§ Task directions: Although the listing contains pictures, reproduce only its text, exactly as written.

§ Records shown:
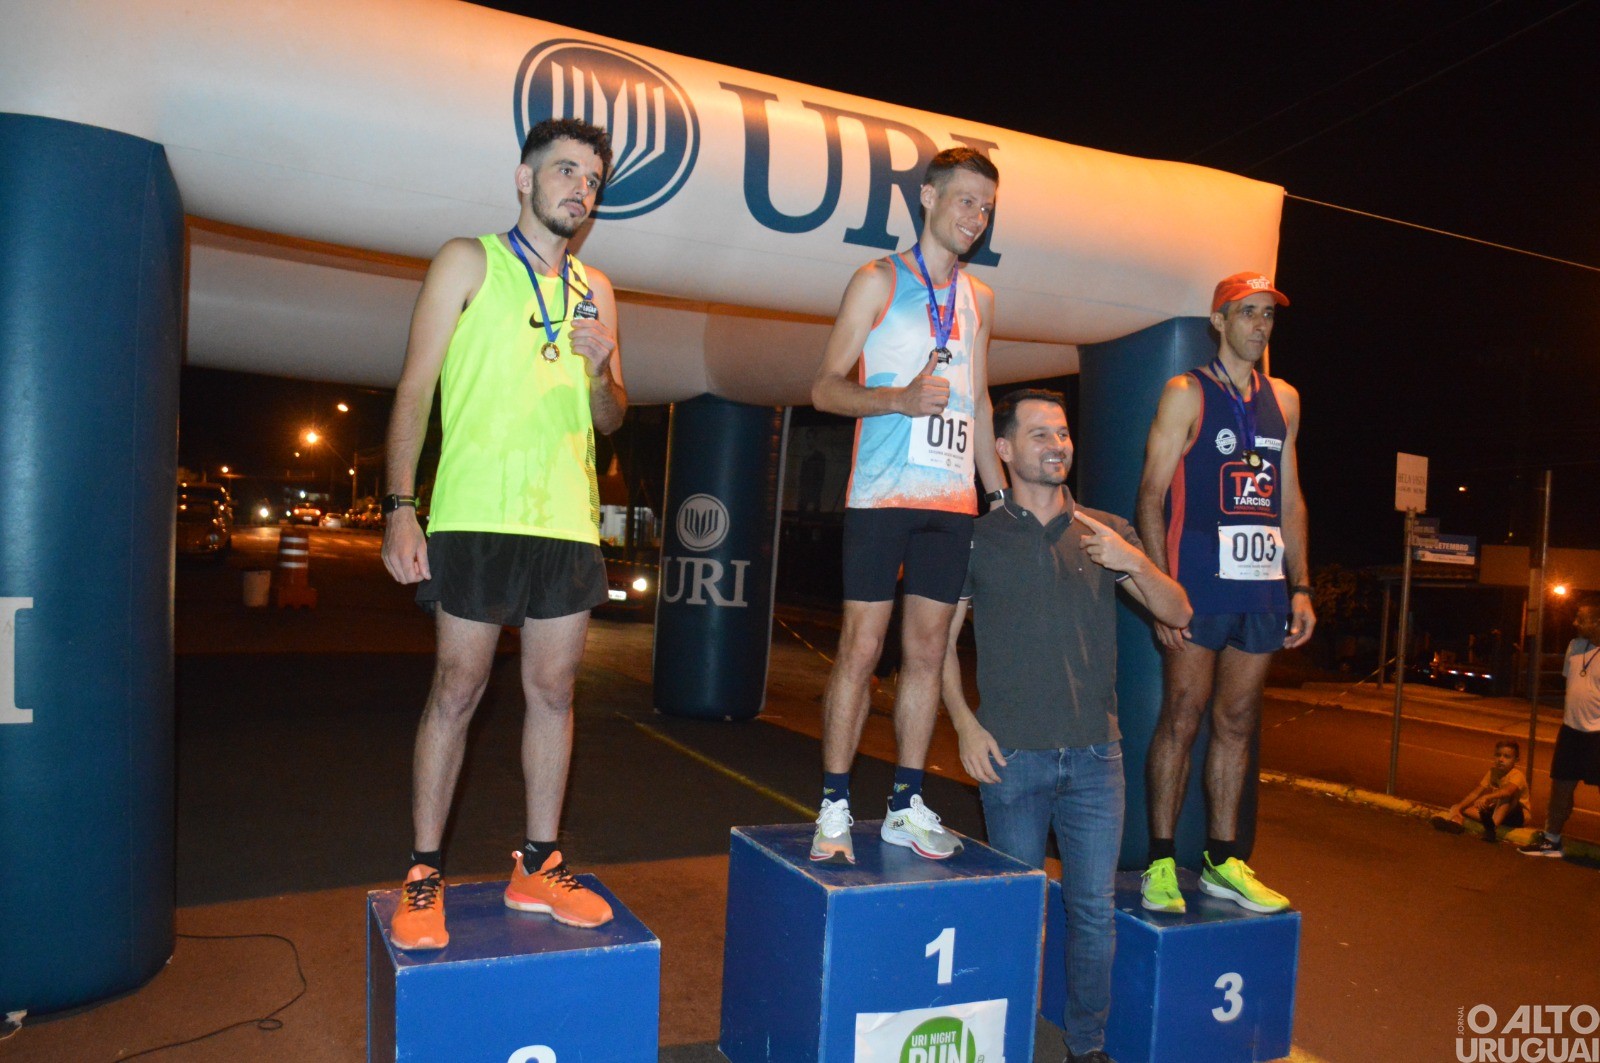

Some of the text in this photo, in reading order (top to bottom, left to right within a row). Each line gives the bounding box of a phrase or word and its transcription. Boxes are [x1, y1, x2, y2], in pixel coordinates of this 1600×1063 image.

[927, 414, 968, 453] 015
[1230, 472, 1273, 498] TAG
[1233, 497, 1271, 507] TARCISO
[1232, 532, 1277, 562] 003
[662, 556, 751, 608] URI
[925, 927, 955, 984] 1
[1211, 972, 1243, 1021] 3
[911, 1031, 957, 1047] URI NIGHT
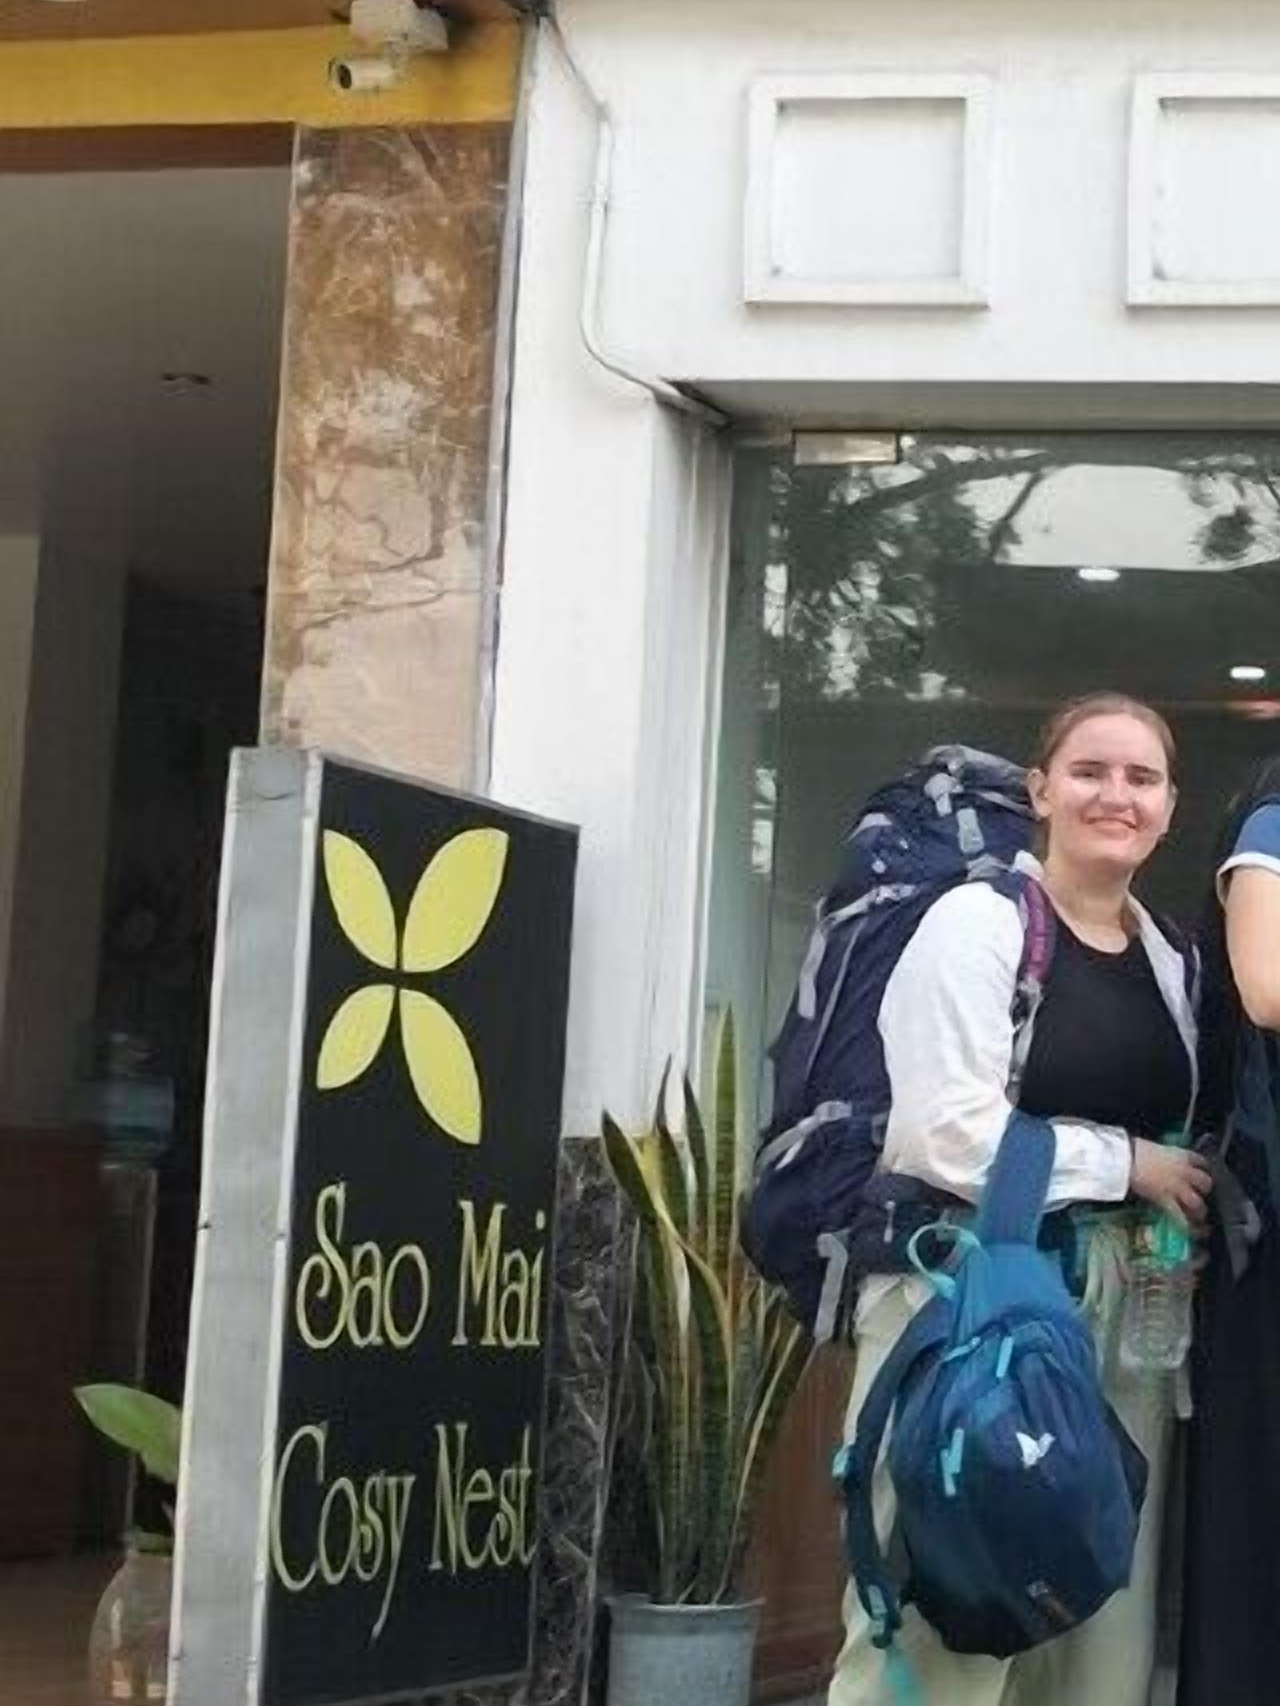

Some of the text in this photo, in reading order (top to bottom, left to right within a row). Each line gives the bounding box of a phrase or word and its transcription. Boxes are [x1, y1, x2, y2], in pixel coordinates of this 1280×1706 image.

[296, 1180, 546, 1350] Sao Mai
[270, 1419, 540, 1649] Cosy Nest
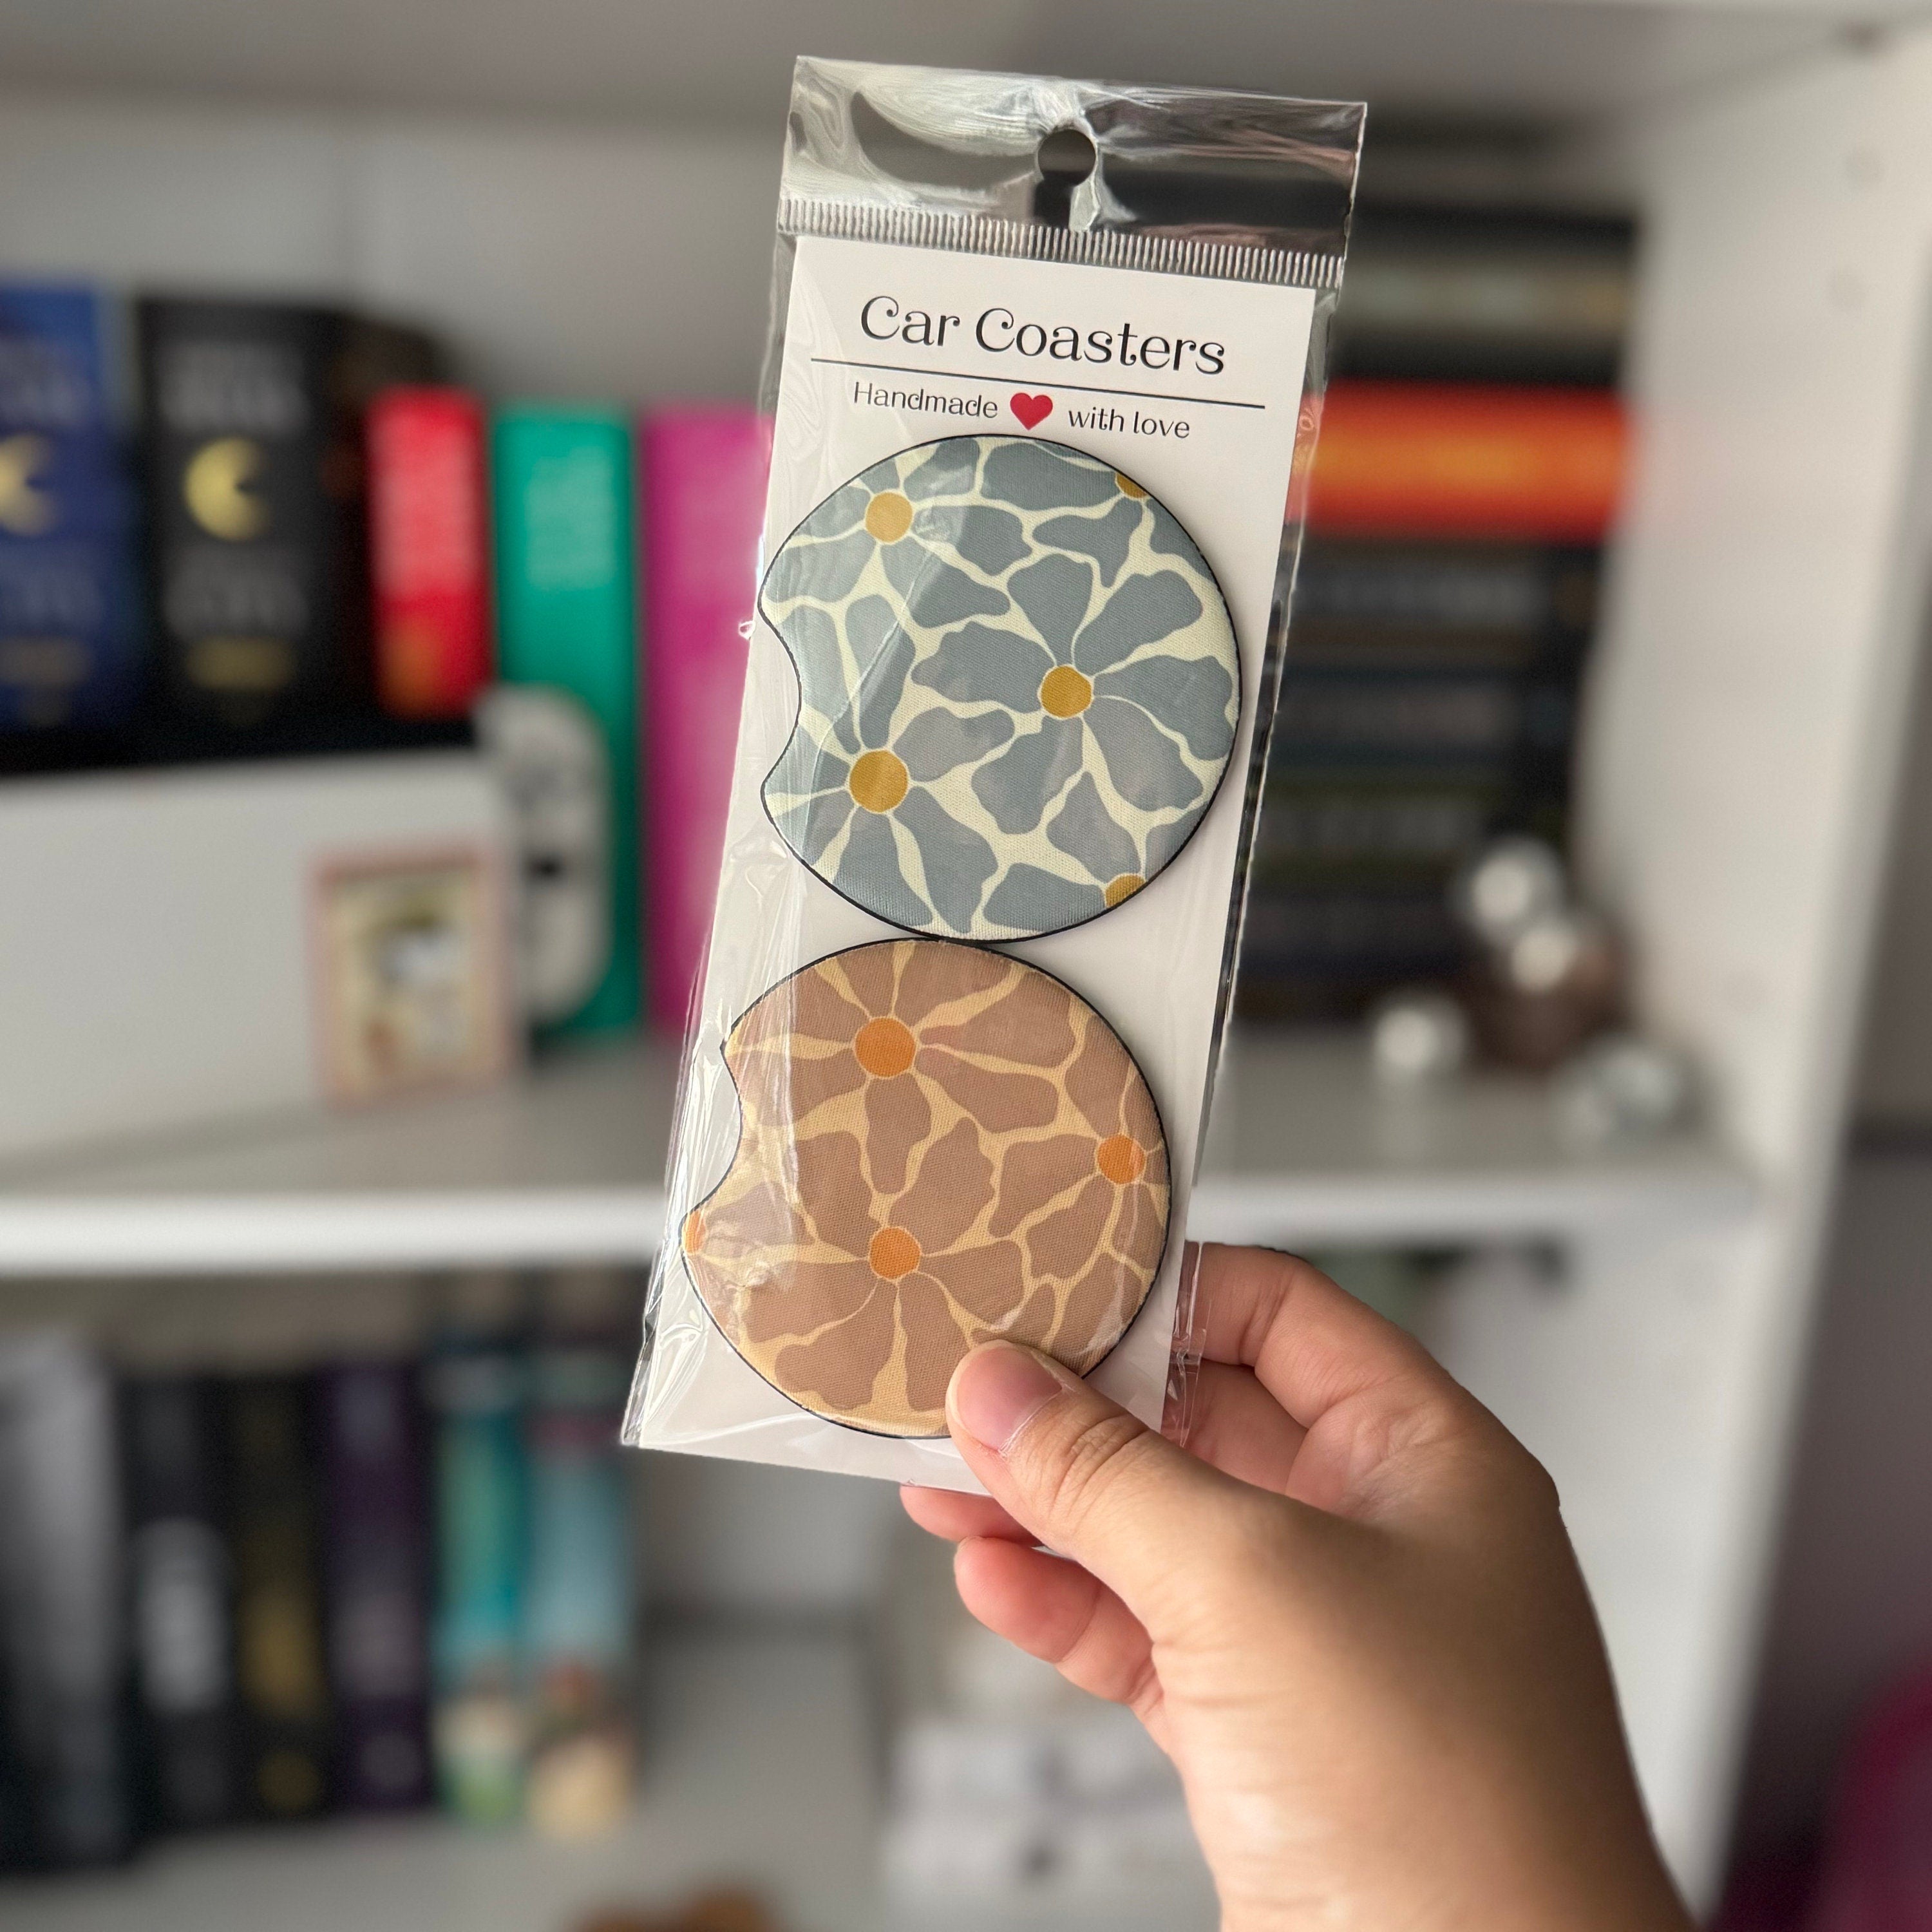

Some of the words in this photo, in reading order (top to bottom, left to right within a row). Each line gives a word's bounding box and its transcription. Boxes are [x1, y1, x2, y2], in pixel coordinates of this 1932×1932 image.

[860, 296, 960, 346] Car
[976, 308, 1225, 375] Coasters
[853, 381, 998, 419] Handmade
[1068, 406, 1124, 432] with
[1133, 410, 1190, 439] love
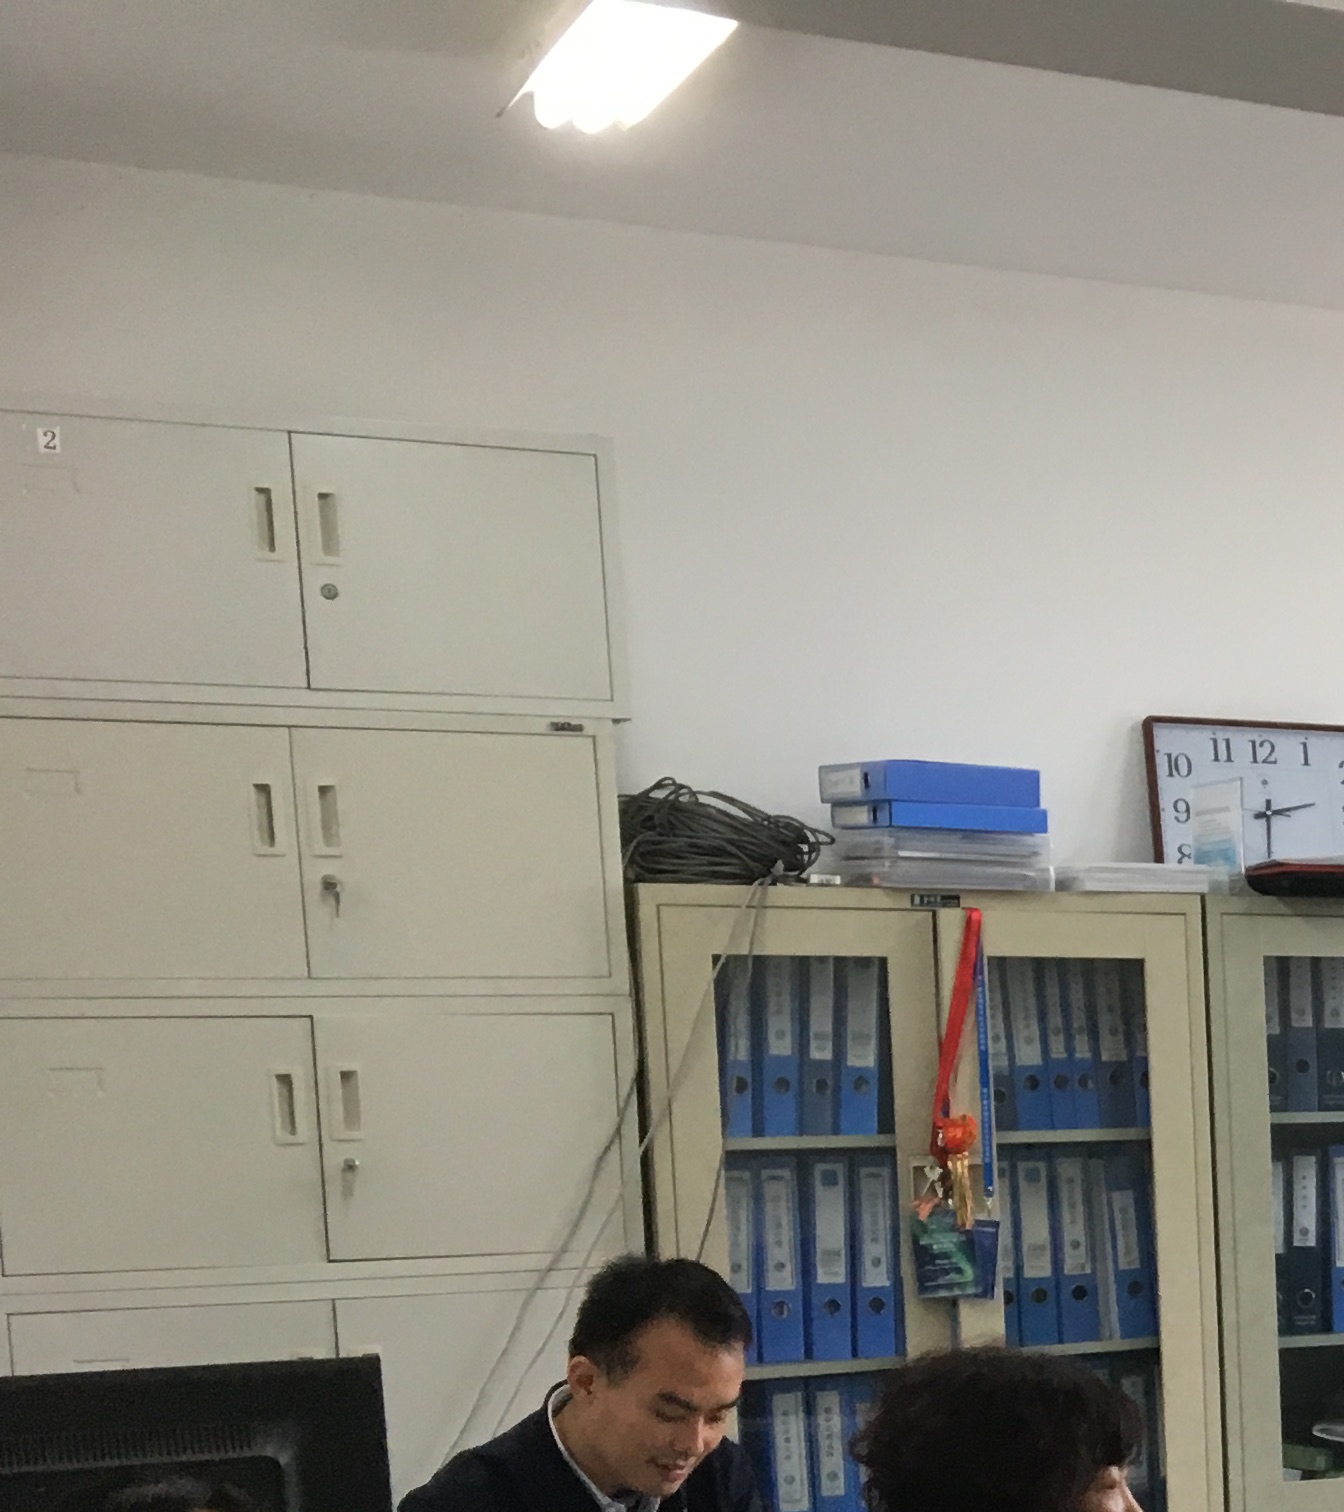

§ Expected answer:
Some of the text in this photo, in reading order (top to bottom, left to right within a row). Each line gives the bounding box of a phrase or word and its transcription. Boxes are [x1, y1, x2, y2], in pixel coordinates of this 1600×1063 image.

[927, 414, 968, 453] 015
[1230, 472, 1273, 498] TAG
[1233, 497, 1271, 507] TARCISO
[1232, 532, 1277, 562] 003
[662, 556, 751, 608] URI
[925, 927, 955, 984] 1
[1211, 972, 1243, 1021] 3
[911, 1031, 957, 1047] URI NIGHT

Some of the text in this photo, in reading order (top to bottom, left to right within a row). Each line gives the bounding box of a phrase or word and its transcription. Boxes are [x1, y1, x2, y2], in pixel coordinates of this 1280×1706 image.

[296, 1180, 546, 1350] Sao Mai
[270, 1419, 540, 1649] Cosy Nest

Some of the words in this photo, in reading order (top to bottom, left to right within a row). Each line gives a word's bounding box and its transcription. Boxes are [x1, y1, x2, y2], in pixel coordinates of this 1932×1932 image.

[860, 296, 960, 346] Car
[976, 308, 1225, 375] Coasters
[853, 381, 998, 419] Handmade
[1068, 406, 1124, 432] with
[1133, 410, 1190, 439] love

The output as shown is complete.